→ WHAT YOU HAVE TO DO: Scan the records for "FAMILY". Show the matching lines.

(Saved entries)
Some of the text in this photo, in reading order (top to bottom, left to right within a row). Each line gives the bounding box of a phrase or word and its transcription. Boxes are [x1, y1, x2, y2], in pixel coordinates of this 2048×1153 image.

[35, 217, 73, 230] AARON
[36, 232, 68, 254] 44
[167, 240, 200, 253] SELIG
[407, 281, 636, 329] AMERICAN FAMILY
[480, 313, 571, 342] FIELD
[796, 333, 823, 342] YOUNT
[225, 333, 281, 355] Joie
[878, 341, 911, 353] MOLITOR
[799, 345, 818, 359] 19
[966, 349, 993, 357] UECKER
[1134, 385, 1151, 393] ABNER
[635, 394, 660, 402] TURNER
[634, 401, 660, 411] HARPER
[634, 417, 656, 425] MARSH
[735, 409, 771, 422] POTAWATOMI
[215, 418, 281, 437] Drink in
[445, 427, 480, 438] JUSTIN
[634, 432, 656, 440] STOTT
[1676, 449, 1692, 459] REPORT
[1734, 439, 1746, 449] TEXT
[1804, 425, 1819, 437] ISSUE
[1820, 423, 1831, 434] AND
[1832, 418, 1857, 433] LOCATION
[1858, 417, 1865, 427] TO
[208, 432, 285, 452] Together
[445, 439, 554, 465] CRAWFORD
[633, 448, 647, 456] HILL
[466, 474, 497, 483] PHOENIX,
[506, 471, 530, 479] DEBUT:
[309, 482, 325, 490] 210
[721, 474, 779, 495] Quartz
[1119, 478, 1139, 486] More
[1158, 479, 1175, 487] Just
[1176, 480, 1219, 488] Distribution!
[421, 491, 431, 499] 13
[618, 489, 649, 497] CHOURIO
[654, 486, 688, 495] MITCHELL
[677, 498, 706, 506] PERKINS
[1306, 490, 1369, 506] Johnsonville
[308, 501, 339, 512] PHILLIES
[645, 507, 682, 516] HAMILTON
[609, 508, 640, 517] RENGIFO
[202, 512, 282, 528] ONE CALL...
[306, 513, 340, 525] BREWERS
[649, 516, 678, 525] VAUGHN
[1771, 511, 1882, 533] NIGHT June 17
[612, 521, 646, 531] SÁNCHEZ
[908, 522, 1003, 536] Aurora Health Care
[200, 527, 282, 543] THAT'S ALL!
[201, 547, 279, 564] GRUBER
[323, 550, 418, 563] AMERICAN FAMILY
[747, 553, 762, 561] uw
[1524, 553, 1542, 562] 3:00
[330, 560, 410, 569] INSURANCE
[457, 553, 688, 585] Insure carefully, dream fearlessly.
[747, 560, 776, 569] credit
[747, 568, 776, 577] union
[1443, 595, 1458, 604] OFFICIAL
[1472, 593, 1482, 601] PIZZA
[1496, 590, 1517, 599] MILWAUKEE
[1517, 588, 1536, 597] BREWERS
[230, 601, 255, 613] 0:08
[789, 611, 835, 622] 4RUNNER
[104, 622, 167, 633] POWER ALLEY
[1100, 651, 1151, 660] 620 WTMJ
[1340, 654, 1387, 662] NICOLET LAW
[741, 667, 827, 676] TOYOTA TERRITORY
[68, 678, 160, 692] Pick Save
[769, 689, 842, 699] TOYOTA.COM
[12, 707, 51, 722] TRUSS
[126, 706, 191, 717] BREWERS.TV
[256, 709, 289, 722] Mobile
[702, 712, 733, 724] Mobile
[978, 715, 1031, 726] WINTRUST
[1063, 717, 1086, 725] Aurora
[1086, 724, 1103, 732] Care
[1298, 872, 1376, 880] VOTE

→ PROBLEM SOLUTION:
[407, 281, 636, 329] AMERICAN FAMILY
[323, 550, 418, 563] AMERICAN FAMILY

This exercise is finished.